Genotyping and phenotyping of substance P (SP) deficient (Tac1^−/− ) and CGRP receptor deficient (RAMP1^−/− ) mice. PCR products of tail DNA from wildtype (WT) and Tac1^−/− mice yielded 190 and 170-bp PCR fragments, respectively (A). The knockout mutant PCR fragment was shorter due to the targeted deletion. WT and mutant RAMP1^−/− alleles yielded 108 and 240-bp PCR fragments, respectively. Western blot assay was used to demonstrate that RAMP1 protein expression in the hindpaw skin was abolished due to disruption in the genomic structure of the RAMP1 allele (C) Electrically evoked extravasation responses were quantified by measuring Evans blue dye content in the hindpaw skin after 5 minutes of sciatic stimulation at C-fiber intensity (D).
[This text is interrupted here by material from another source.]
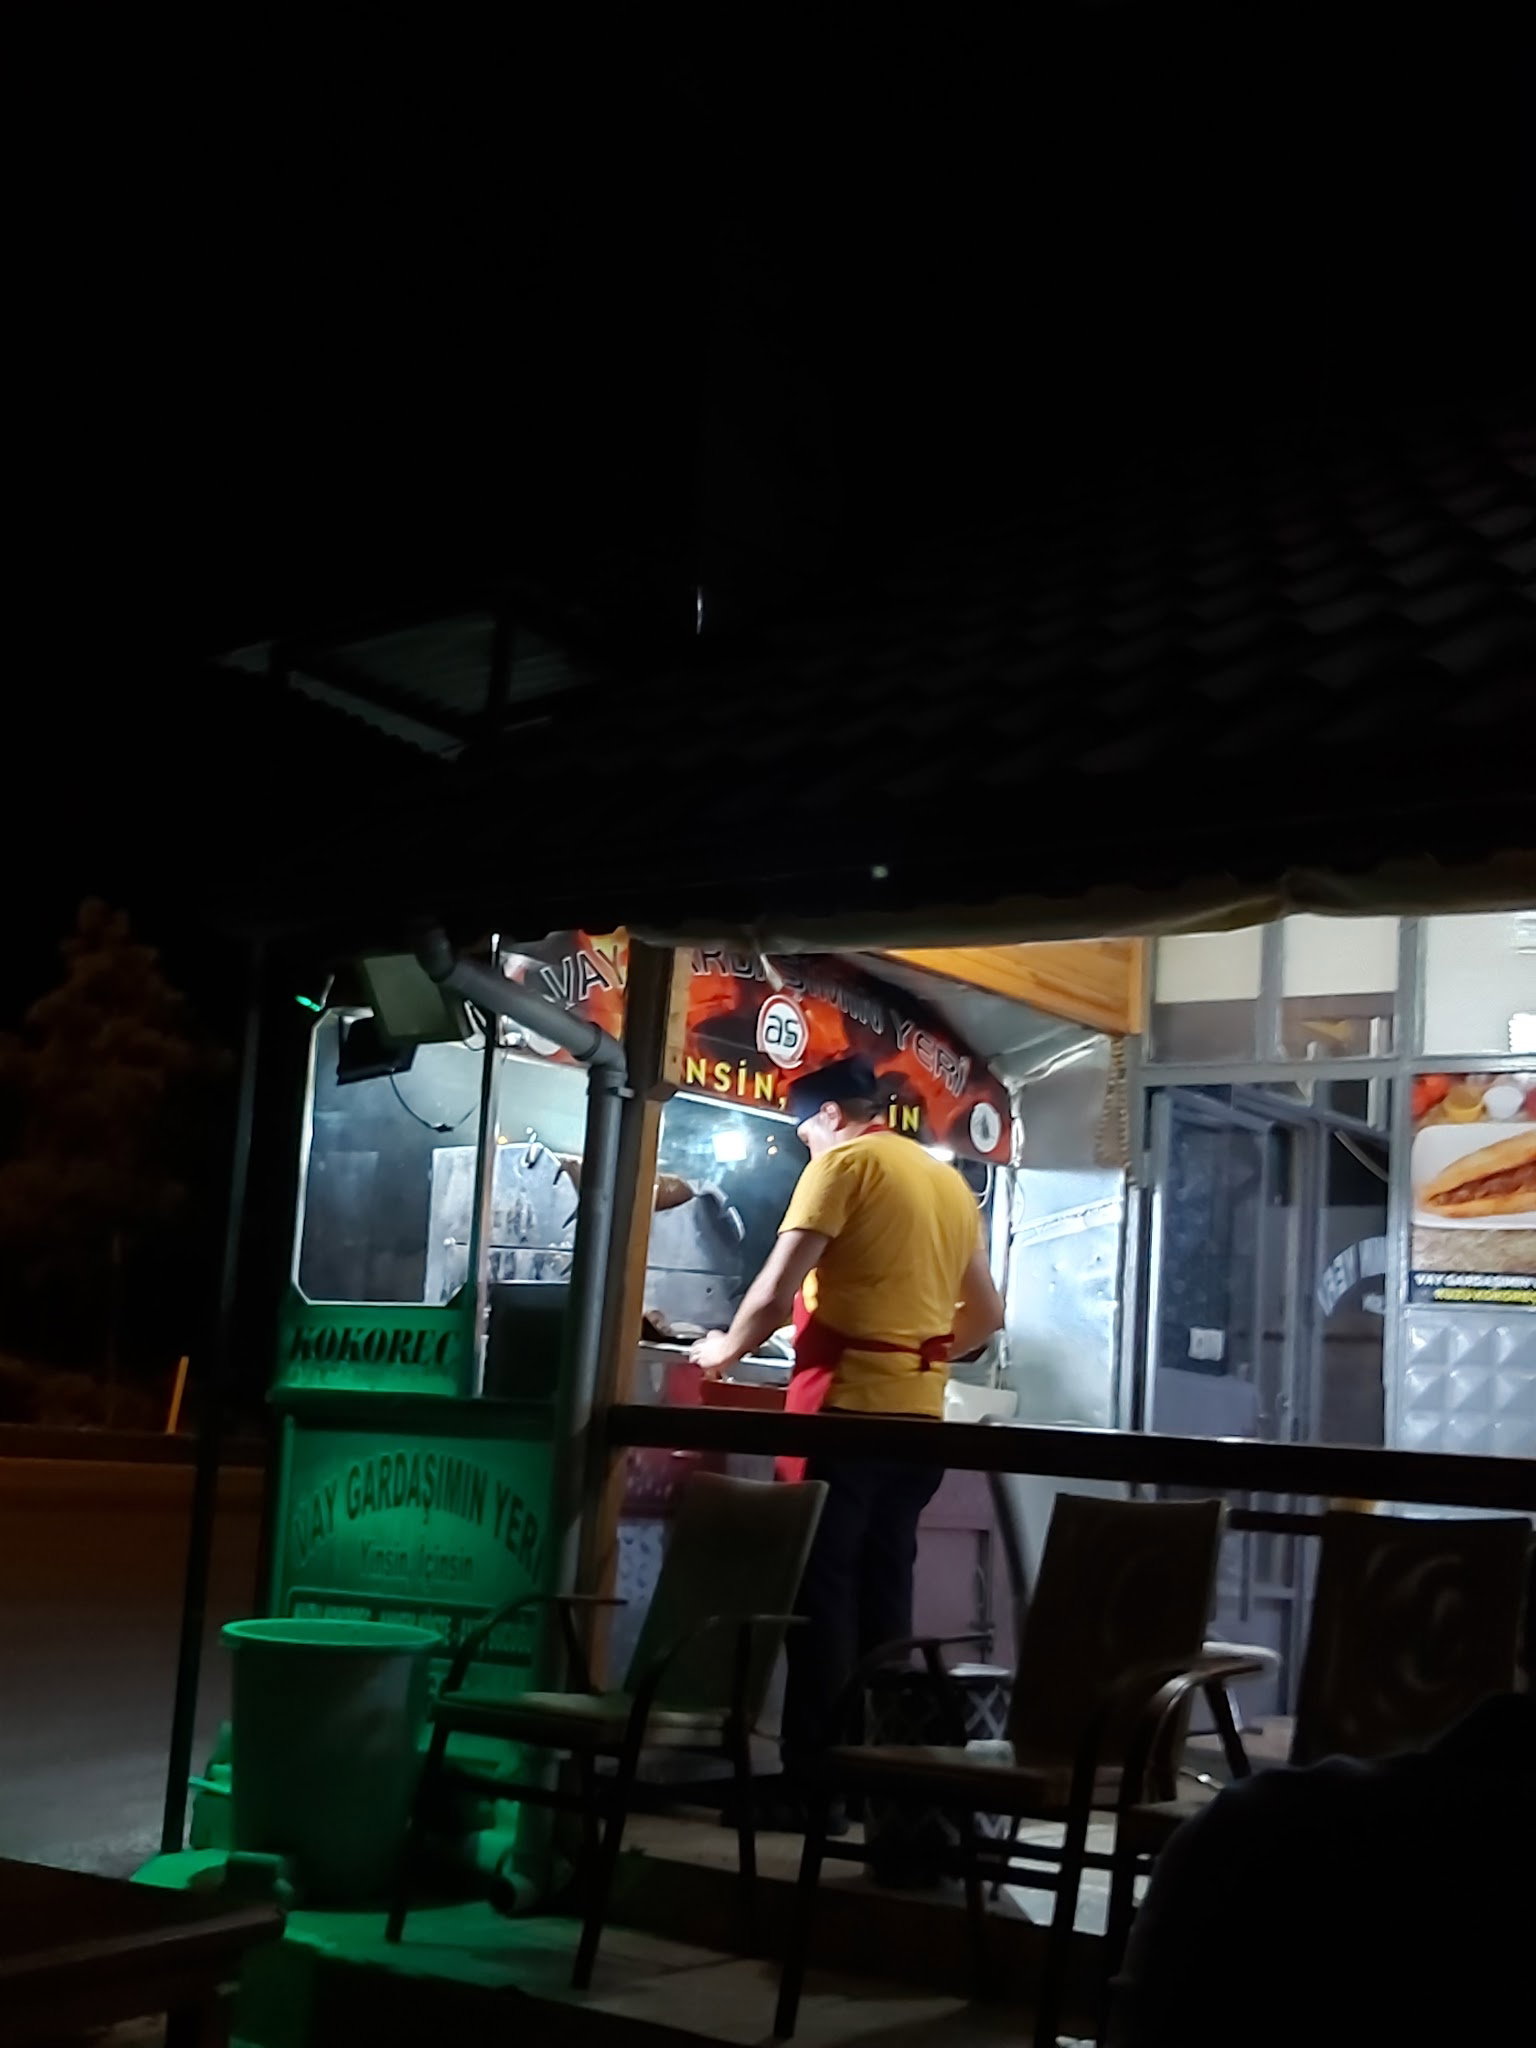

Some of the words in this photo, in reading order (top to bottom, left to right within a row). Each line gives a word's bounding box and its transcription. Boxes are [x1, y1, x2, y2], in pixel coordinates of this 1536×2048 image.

Tac1^−/− mice extravasation responses were reduced 60% vs WT mice, but no decrease in extravasation was observed in the RAMP1^−/− mice (n = 6 per cohort). These results indicate that neuronal SP release can induce microvascular protein extravasation into the cutaneous interstitial space, but neuronal CGRP release is an ineffective mediator of cutaneous extravasation. **P <0.01 vs WT, #P < 0.05 vs Tac1^−/−.